The judges chose three academic librarians, four public librarians and three school librarians.

Pillot, 45, worked at the St. Louis Public Library when she was pregnant with her first child some 16 years ago. While there, she helped start the library’s “Read It Forward” program. She stopped working at the public library after her son’s birth. But in 2016, with her second child in school, Pillot took a position at Forsyth School, a private elementary school.

Forsyth was already involved in environmental efforts, and Pillot joined a small sustainability group. She quickly connected with sixth-grade math teacher Susan Zareh, who also taught a sustainability class.

“She’s someone I can bring ideas to, and she to me,” Pillot says.

They worked on things like co-teaching a unit leading up to youth activist Greta Thunberg’s climate strike in 2019.

Pillot also gathered articles and videos to discuss with kids popular messages and myths about what can be recycled and what waste management officials actually say.

“These were definitely things important to the school community,” she says.

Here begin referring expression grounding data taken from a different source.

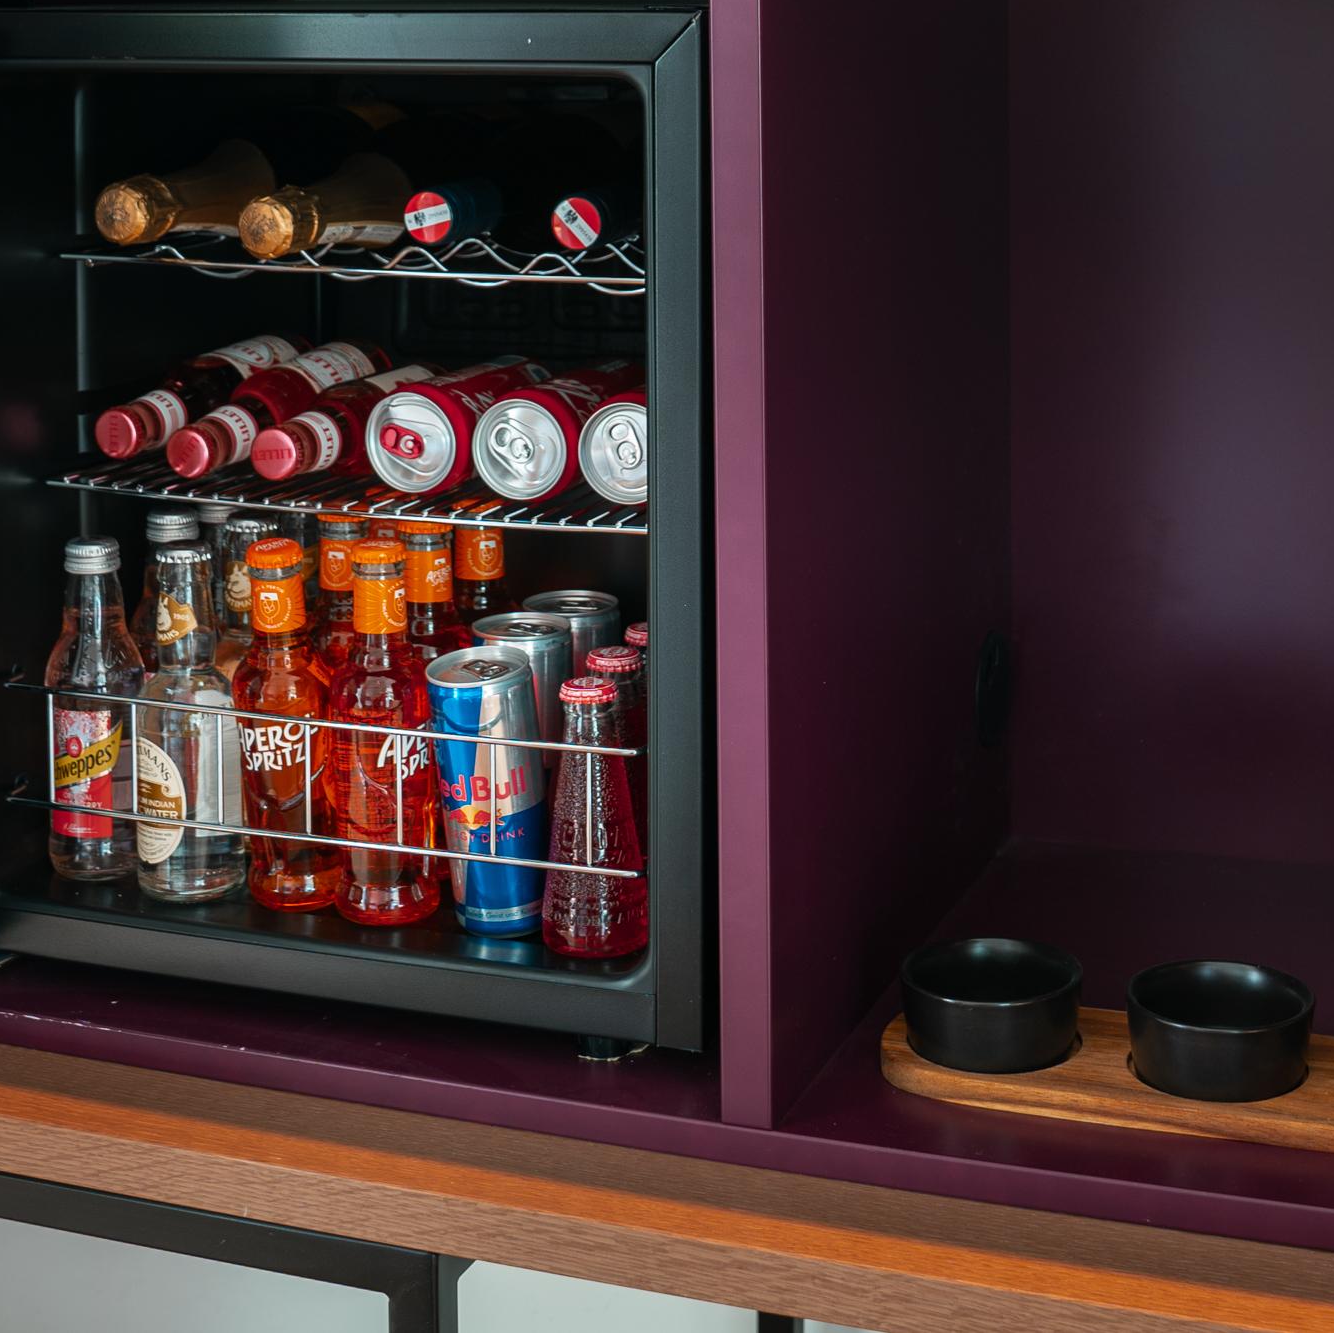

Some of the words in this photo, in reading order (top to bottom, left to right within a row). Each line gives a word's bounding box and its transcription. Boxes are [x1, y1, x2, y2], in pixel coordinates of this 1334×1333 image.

[439, 774, 467, 802] ed
[470, 765, 526, 802] Bull
[148, 798, 175, 809] INDIAN
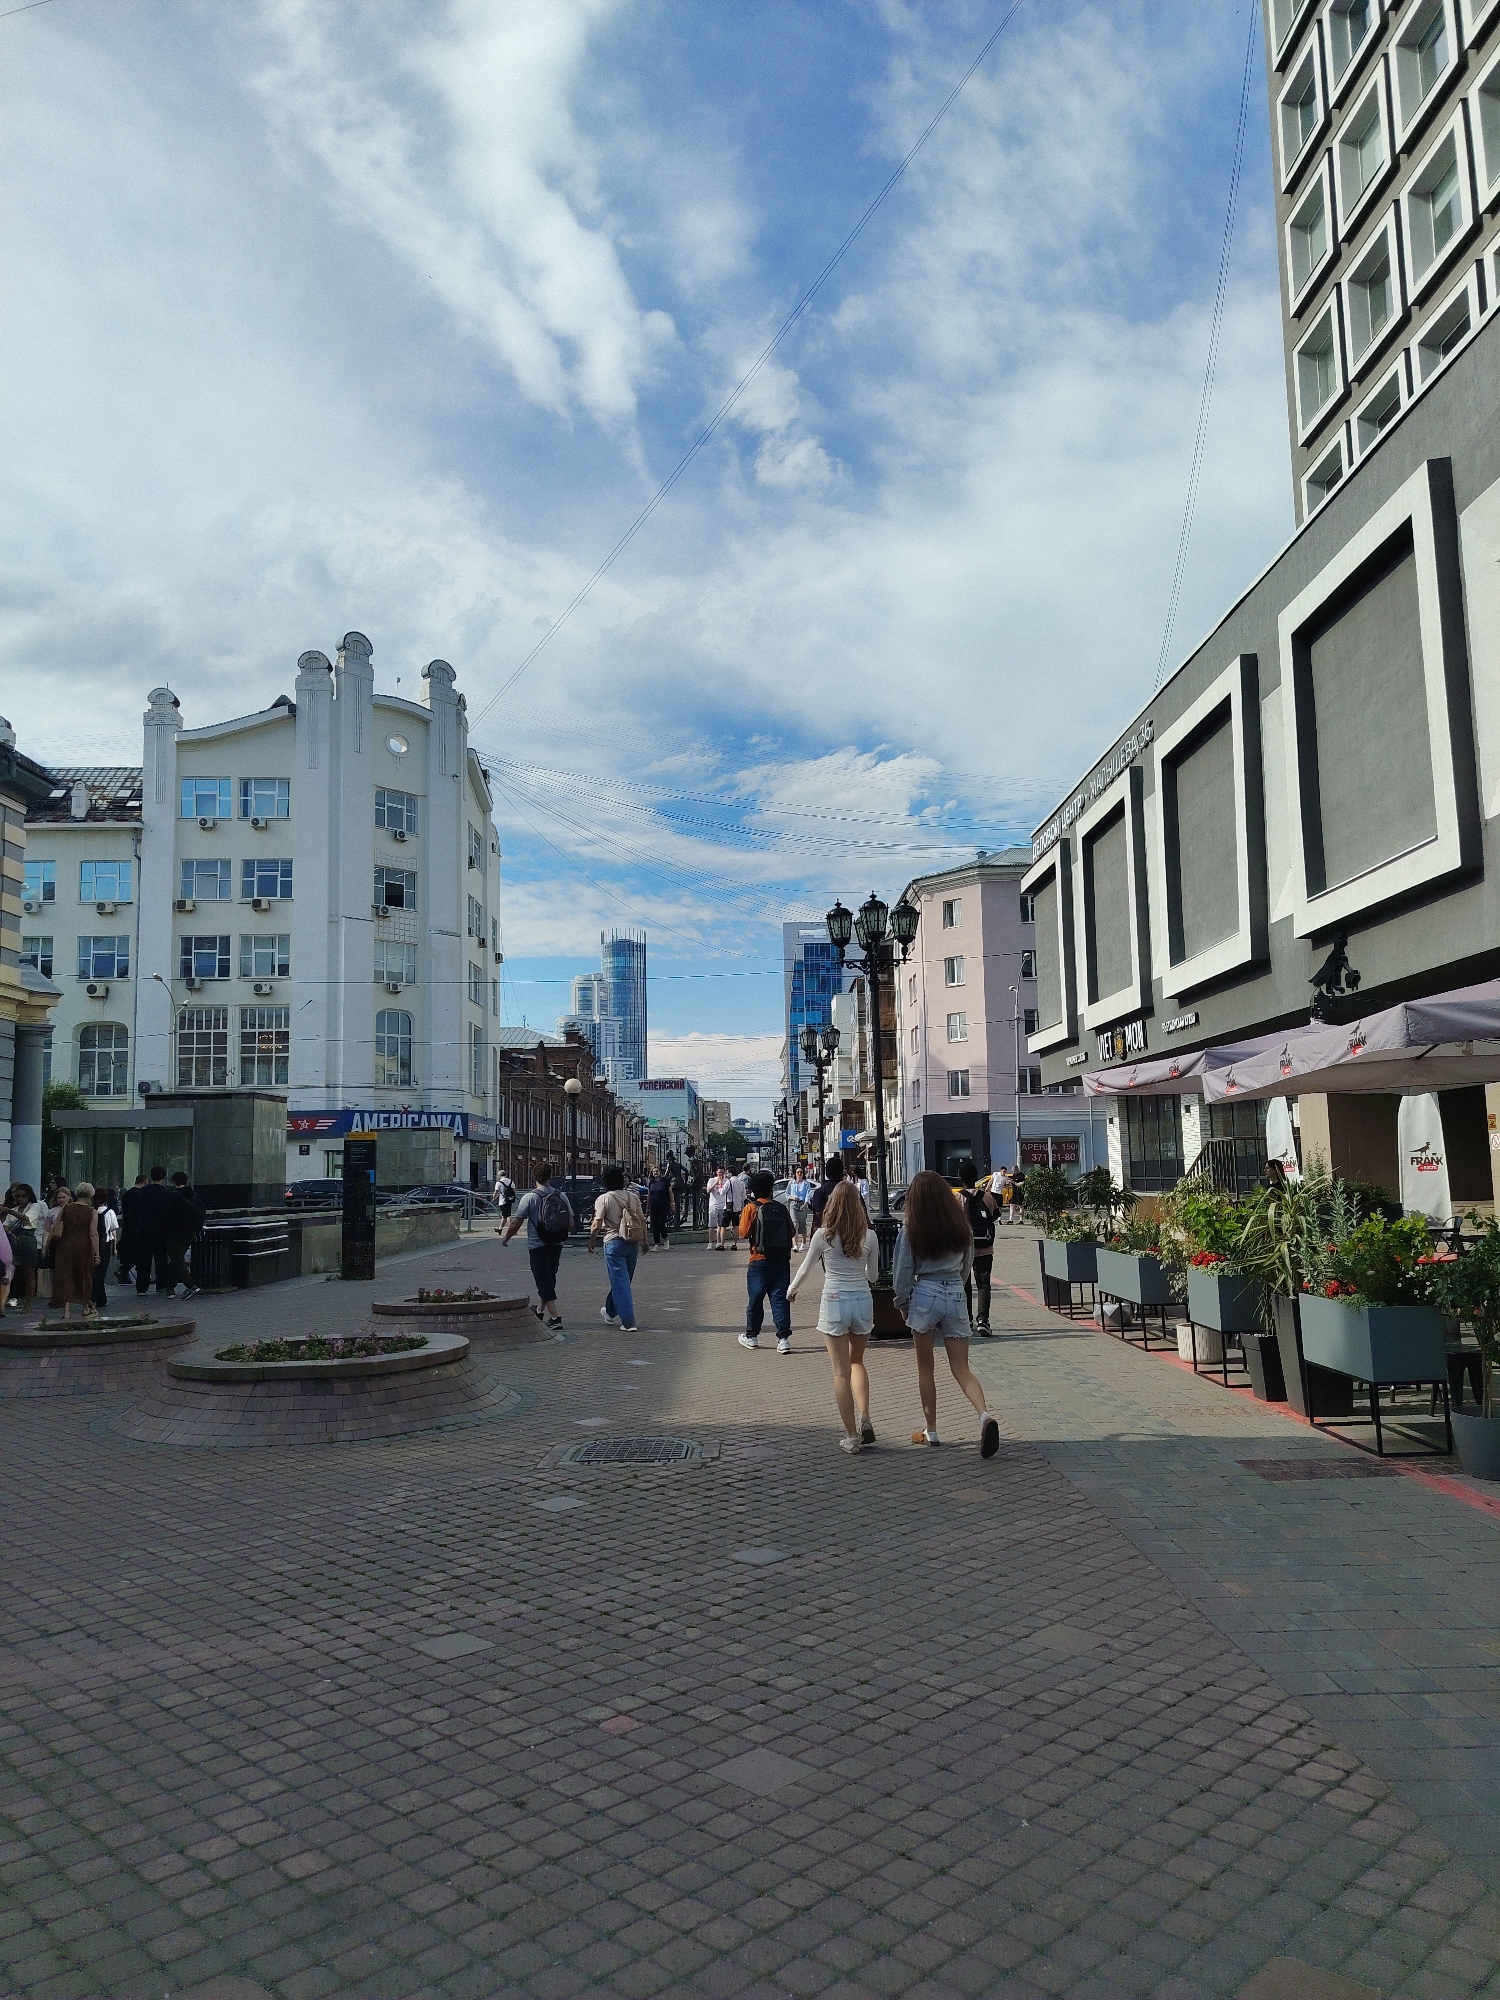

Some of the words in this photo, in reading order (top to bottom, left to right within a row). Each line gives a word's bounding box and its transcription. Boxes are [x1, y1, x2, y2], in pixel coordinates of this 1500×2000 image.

[1060, 792, 1085, 832] ЦЕНТР
[638, 1079, 685, 1091] УСПЕНСКИЙ
[351, 1113, 464, 1136] AMERICANKA
[1031, 1153, 1075, 1161] 37121-80
[1410, 1156, 1444, 1166] FRANK

Zareh, who nominated Pillot for the librarian award, “highlighted a multi-week, cross-curricular event” that focused on single-use plastics and plastic bags that would be visible and meaningful to the entire school. That involved figuring out how many plastic bags most families use and making a chain of bags. A playground climber was wrapped in bags so students could visualize the amount.

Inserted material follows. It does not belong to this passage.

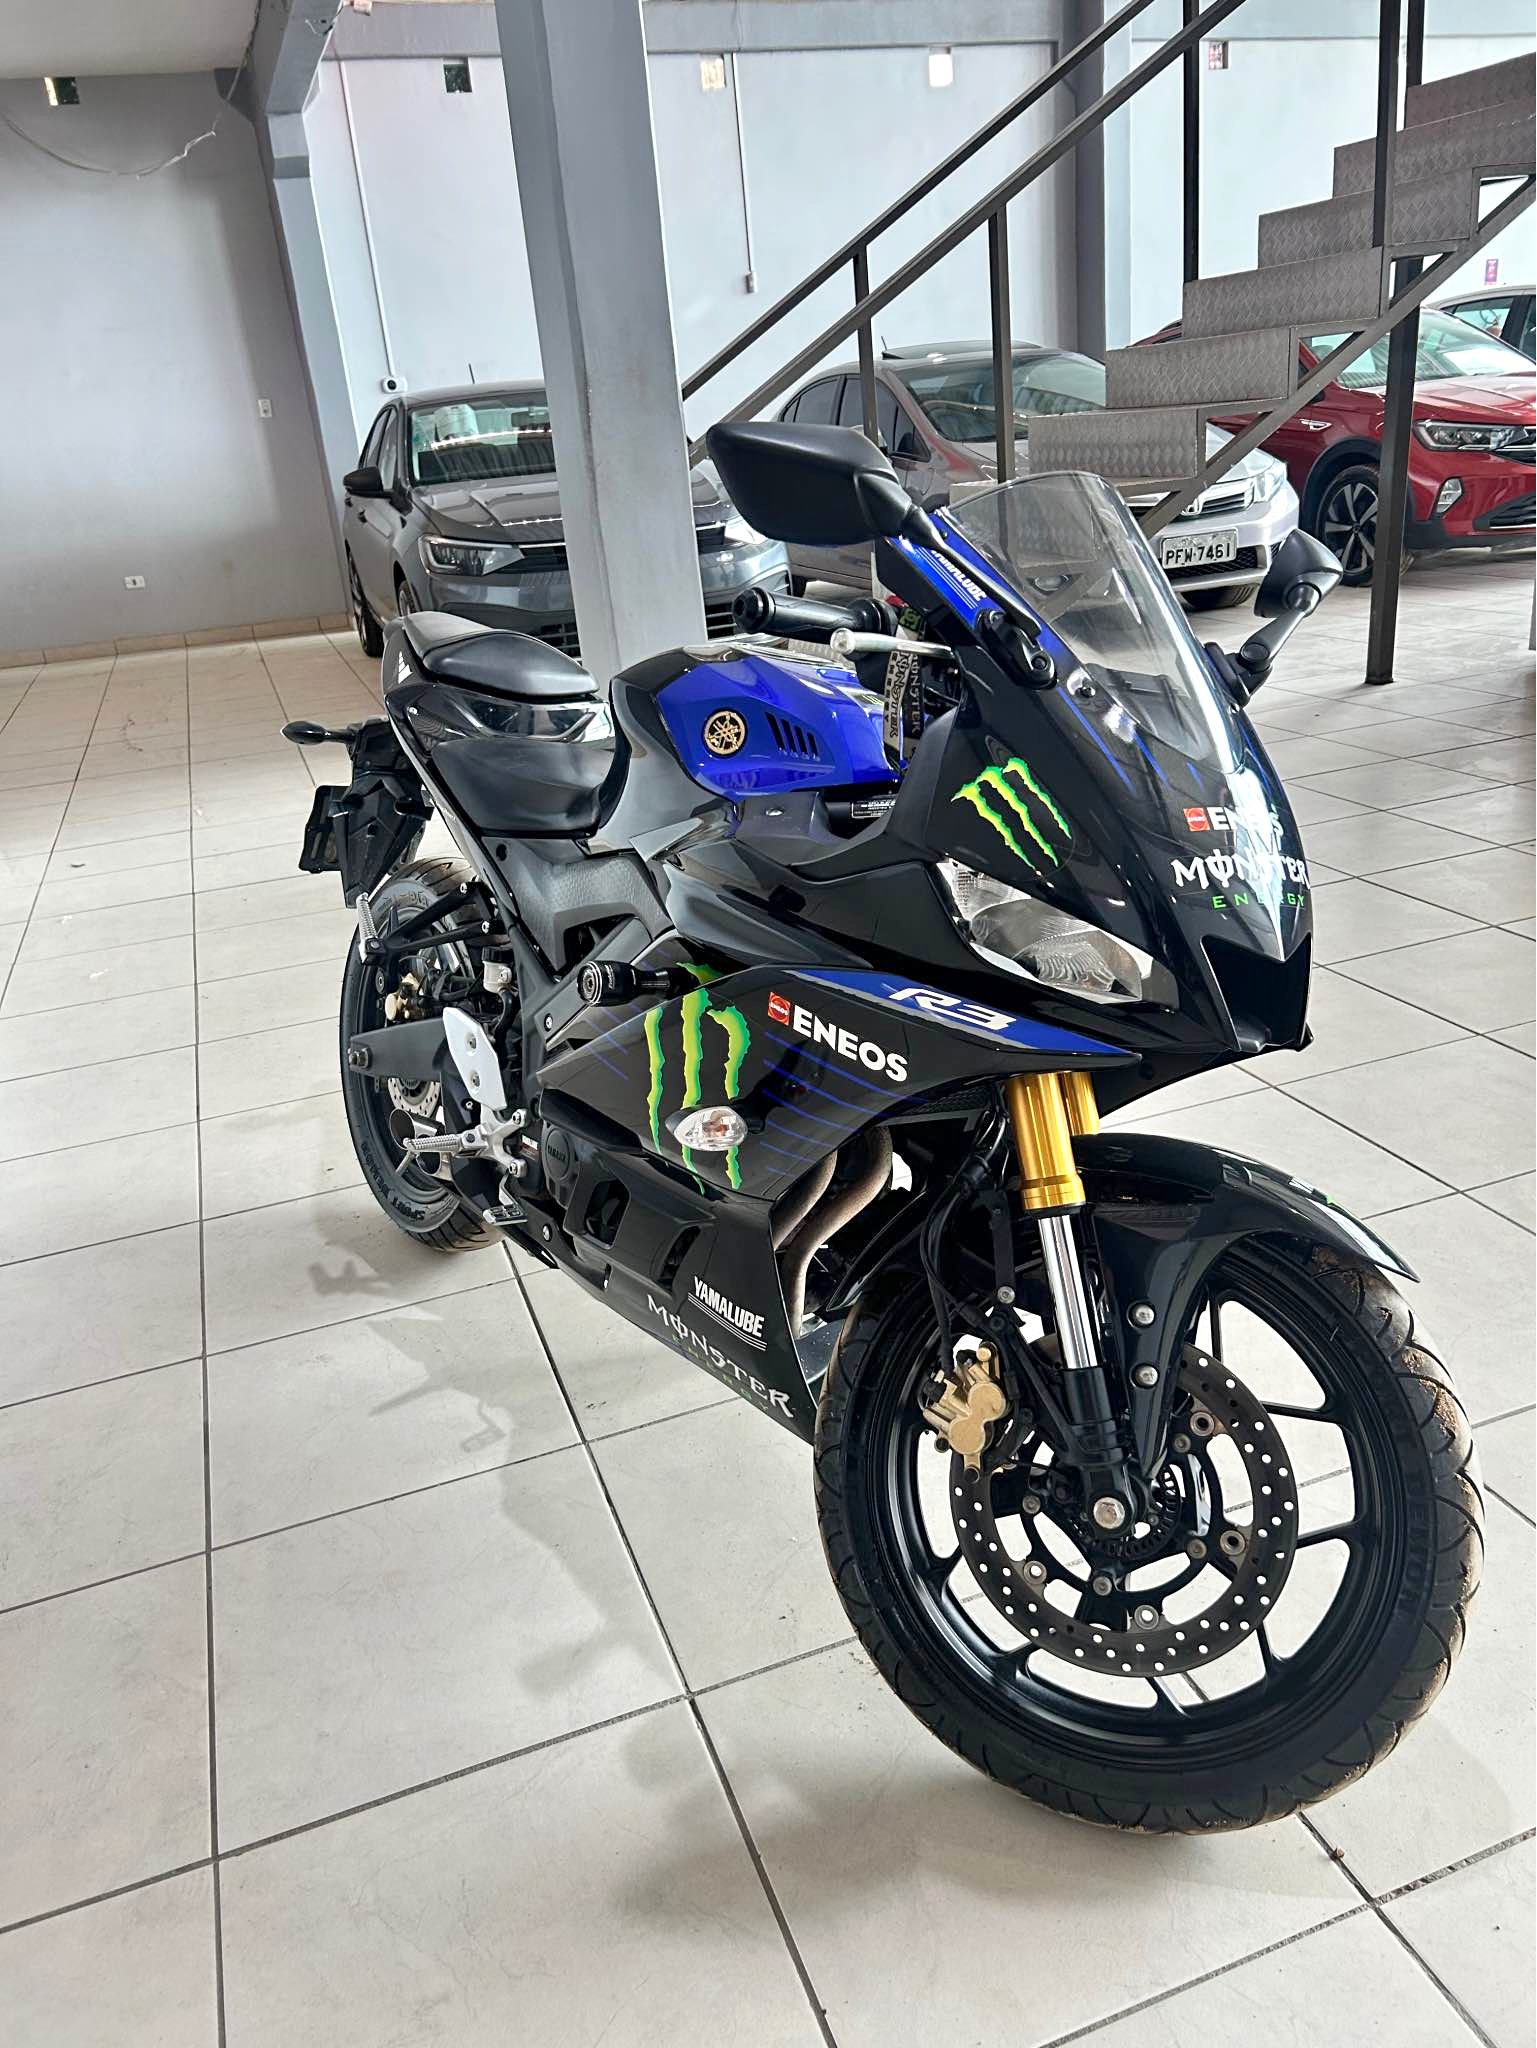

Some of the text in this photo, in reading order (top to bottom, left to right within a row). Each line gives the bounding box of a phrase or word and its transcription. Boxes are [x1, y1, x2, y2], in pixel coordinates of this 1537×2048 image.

So little climbers would find the display inspiring, not worrisome, students also created a circle of reusable bags.

Pillot loves buying science books and finding nonfiction titles that tell stories in unique ways.

She emphasizes that school librarians want to be consulted. “We love to be included in the creative part of the curriculum.”

For Valentine’s Day, Pillot holds an “I (Heart) Reading” day, where every student gets to pick out a donated used book. When she hosts author visits, such as one by Sharon Draper, they are usually by video these days. But Pillot might also consult with a teacher about how kids could create wire circuits to mimic one of Draper’s book covers.

Although this may be what librarians “just do,” Pillot wants people to know the scope of librarians’ jobs.

“A librarian is your multidisciplinary partner,” she says.